_EXERCISE DETAILS:_
Word for word, copy out every line of the records, omitting each picture.

_PROVIDED MATERIAL:_
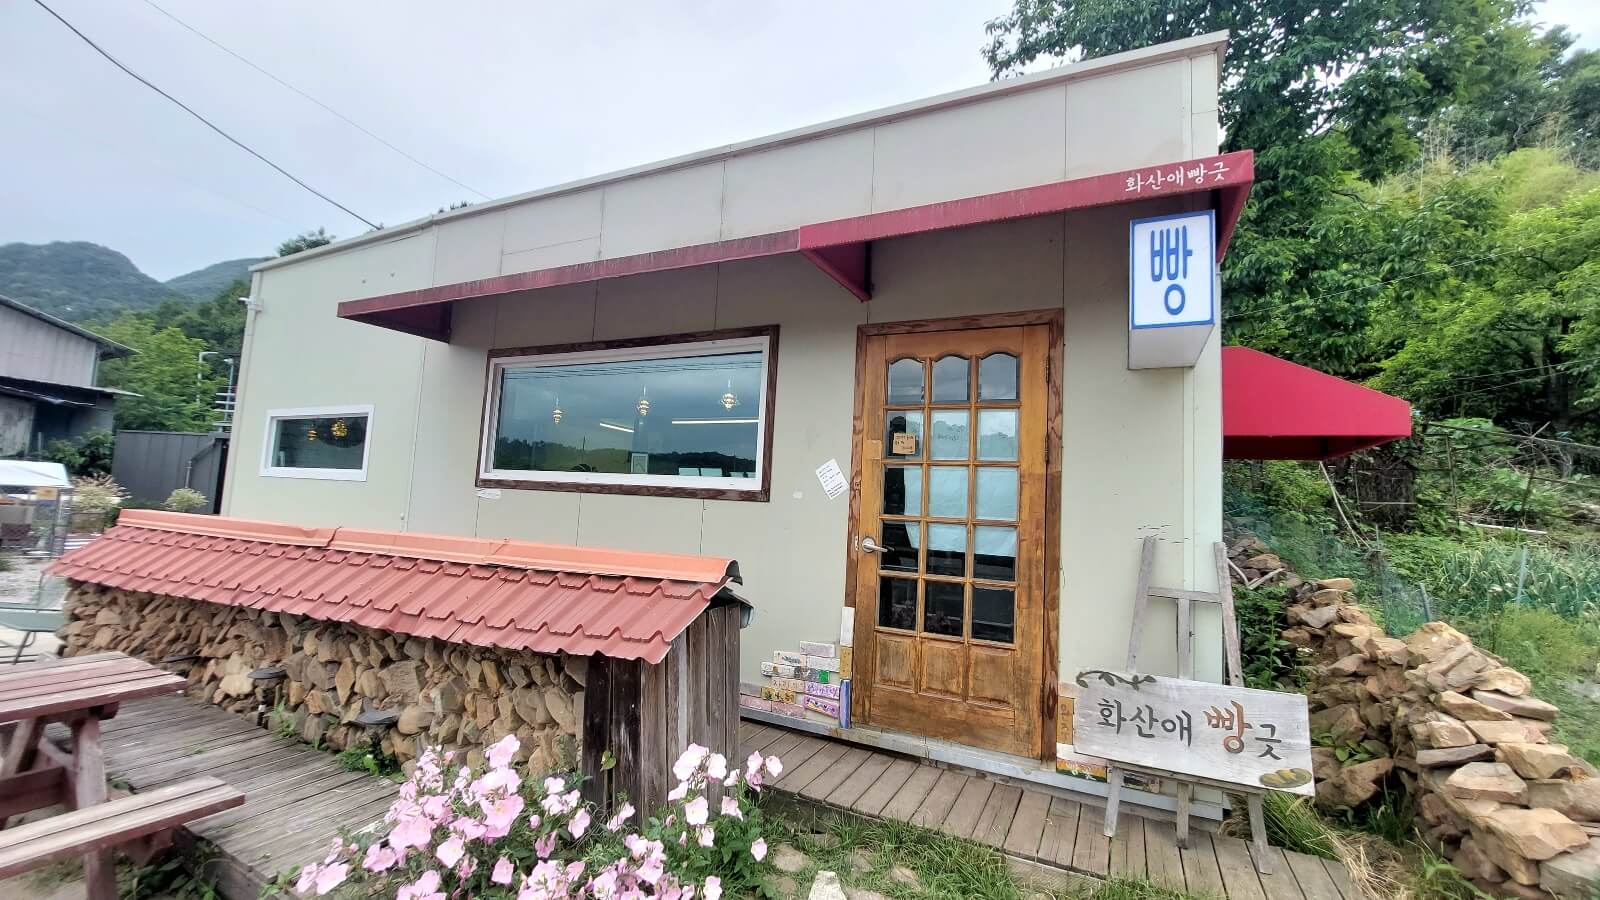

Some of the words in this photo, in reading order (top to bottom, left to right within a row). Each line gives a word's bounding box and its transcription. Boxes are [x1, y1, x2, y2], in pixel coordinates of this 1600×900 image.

[1125, 161, 1230, 192] 화산애빵긋
[1150, 224, 1193, 316] 빵
[1096, 697, 1193, 748] 화산애
[1202, 700, 1282, 761] 빵긋
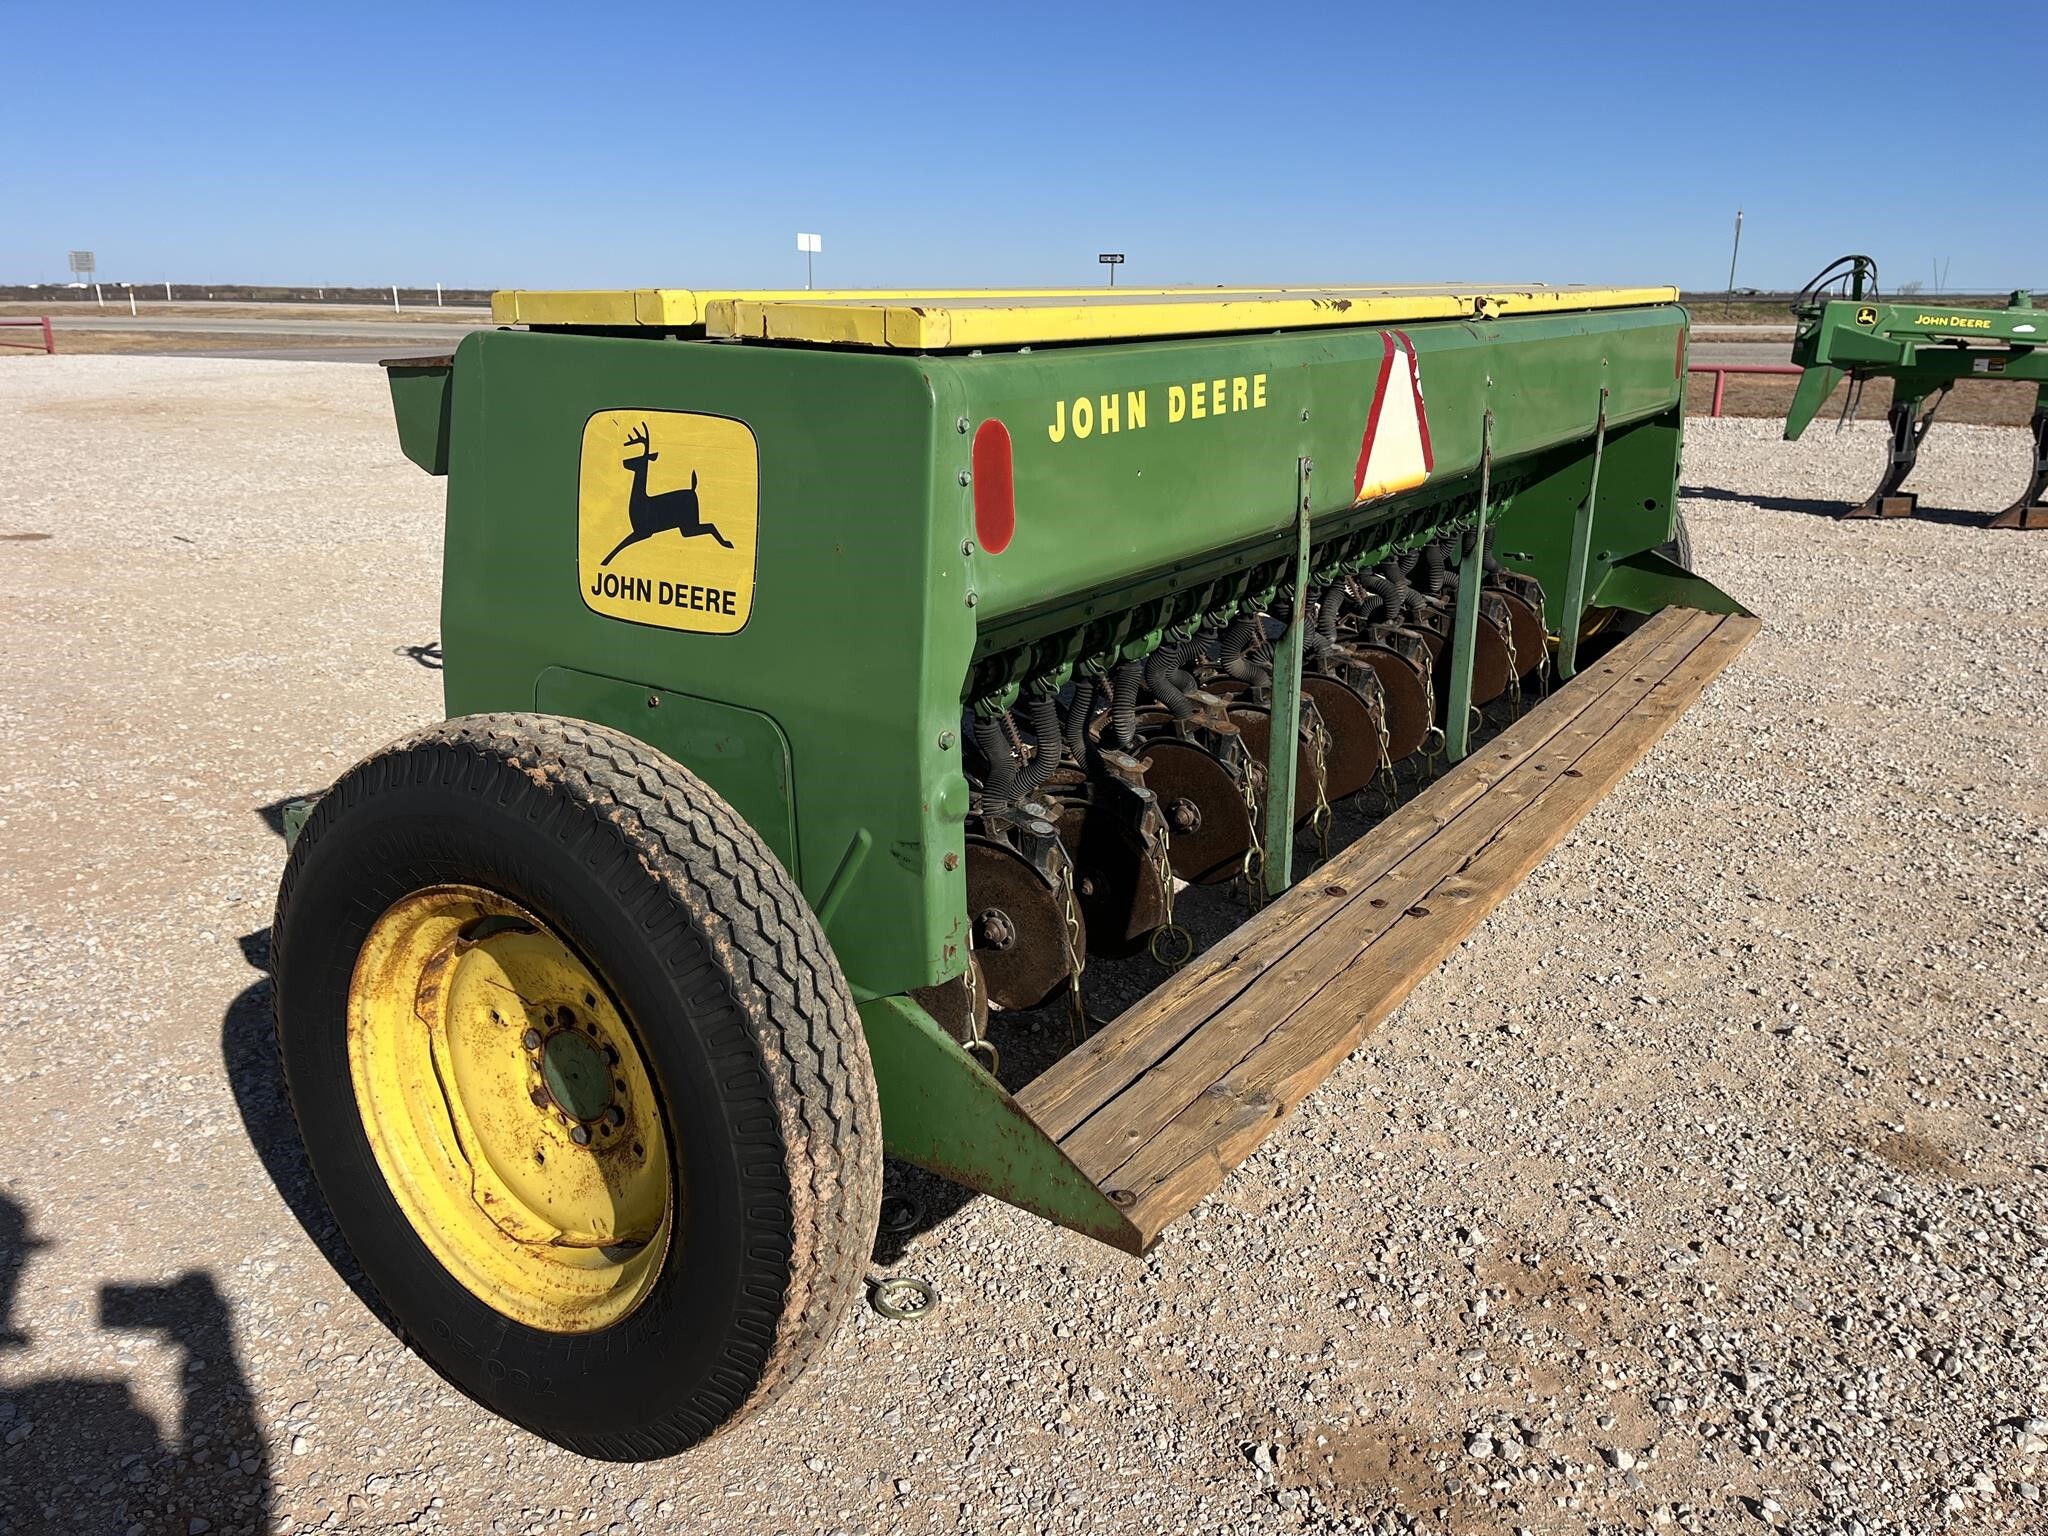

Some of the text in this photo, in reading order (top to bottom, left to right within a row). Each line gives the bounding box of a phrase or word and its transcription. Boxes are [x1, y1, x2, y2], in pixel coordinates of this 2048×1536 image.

[1914, 314, 1992, 329] JOHN DEERE
[1048, 373, 1267, 443] JOHN DEERE
[591, 572, 737, 616] JOHN DEERE

_SOLUTION FOR THIS EXERCISE:_
Some of the words in this photo, in reading order (top to bottom, left to right within a row). Each line gives a word's bounding box and its transcription. Boxes are [x1, y1, x2, y2], in pixel coordinates of this 1600×900 image.

[1125, 161, 1230, 192] 화산애빵긋
[1150, 224, 1193, 316] 빵
[1096, 697, 1193, 748] 화산애
[1202, 700, 1282, 761] 빵긋

Some of the text in this photo, in reading order (top to bottom, left to right within a row). Each line gives the bounding box of a phrase or word and its transcription. Boxes are [x1, y1, x2, y2], in pixel coordinates of this 2048×1536 image.

[1914, 314, 1992, 329] JOHN DEERE
[1048, 373, 1267, 443] JOHN DEERE
[591, 572, 737, 616] JOHN DEERE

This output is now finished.